Drake drops “Certified Lover Boy,” a confusing mass of trap beats

Although the album was highly anticipated, fans may be disappointed by the simplicity of the deceivingly star-studded piece.

Emily Coffey, Arts and Entertainment Editor

Certified Lover Boy” dropped on the heels of Kanye’sDonda,” a seemingly unfortunate setup for Drake. The album’s mediocrity stands in stark contrast to his previous pieces, with high profile features and samples feeling like expensive icing on an overbaked box cake. While certain songs offer a glimmer of his old-time musical genius—other tracks are one-dimensional and lazy. The lyrical content is at times honest and heartbreaking, but the majority of the tracks ooze machismo in an off-putting way. 

“CERTIFIED LOVER BOY”

“Certified Lover Boy” centers on Drake’s obsession with getting women, primarily by means of his money and sex appeal. On “Way 2 Sexy (feat. Future & Young Thug),” Drake, Future and Young Thug are clear on the fact that they are “too sexy” for anything, including commitment.   

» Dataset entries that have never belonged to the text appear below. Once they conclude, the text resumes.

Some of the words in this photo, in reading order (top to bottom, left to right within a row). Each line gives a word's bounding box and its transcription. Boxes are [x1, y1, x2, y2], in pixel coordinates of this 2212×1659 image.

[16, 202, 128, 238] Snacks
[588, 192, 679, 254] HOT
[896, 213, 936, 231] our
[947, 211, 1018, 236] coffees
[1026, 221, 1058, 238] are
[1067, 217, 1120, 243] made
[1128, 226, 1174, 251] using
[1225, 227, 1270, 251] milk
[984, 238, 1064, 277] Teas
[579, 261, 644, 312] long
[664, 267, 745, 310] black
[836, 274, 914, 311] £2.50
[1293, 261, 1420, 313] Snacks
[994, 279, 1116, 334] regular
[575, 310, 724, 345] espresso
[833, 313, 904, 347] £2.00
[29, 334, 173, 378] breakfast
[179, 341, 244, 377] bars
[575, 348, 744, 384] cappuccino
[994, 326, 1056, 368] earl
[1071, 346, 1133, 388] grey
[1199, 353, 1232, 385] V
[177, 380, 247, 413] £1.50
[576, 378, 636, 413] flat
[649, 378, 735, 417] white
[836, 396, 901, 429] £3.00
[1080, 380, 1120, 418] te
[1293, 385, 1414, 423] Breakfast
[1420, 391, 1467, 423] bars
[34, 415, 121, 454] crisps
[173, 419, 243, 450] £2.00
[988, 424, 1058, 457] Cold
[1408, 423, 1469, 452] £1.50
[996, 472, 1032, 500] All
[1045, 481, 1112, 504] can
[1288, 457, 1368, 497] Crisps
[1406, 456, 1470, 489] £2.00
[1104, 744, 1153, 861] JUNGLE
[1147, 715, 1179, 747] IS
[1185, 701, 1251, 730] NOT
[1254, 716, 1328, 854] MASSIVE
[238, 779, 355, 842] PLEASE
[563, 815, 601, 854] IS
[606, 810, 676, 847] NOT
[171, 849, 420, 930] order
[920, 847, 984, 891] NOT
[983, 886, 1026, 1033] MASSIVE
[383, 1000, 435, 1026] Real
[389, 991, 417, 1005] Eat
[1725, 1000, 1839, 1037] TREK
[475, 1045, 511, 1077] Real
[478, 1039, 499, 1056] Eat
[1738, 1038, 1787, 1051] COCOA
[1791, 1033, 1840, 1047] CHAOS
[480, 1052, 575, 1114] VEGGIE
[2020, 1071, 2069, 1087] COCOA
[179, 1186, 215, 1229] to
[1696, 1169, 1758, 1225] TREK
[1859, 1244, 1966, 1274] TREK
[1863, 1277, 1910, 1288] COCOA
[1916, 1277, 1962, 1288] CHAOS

In his last song, “The Remorse,” this facade breaks into a hazy, rhythmic conclusion. Drake recapitulates his gratitude for the loyal people in his life, referencing songs “No Friends in the Industry” and “Fair Trade (with Travis Scott).” 

All the nights Chubbs was pulling up where I need him at/ All the times Mark was making sure that my luggage packed/ Or times he had to double back,” Drake sings in verse one. 

This song also pays homage to his son, showing Drake’s increasing awareness of the importance of fatherhood, a result of his “lover boy” habits. 

“Anxiety’s a drug that I use to get the job done/ Delusional’s a space I like to think that I’m far from/ My son is the one thing I hate to be apart from,” Drake sings in the first verse. 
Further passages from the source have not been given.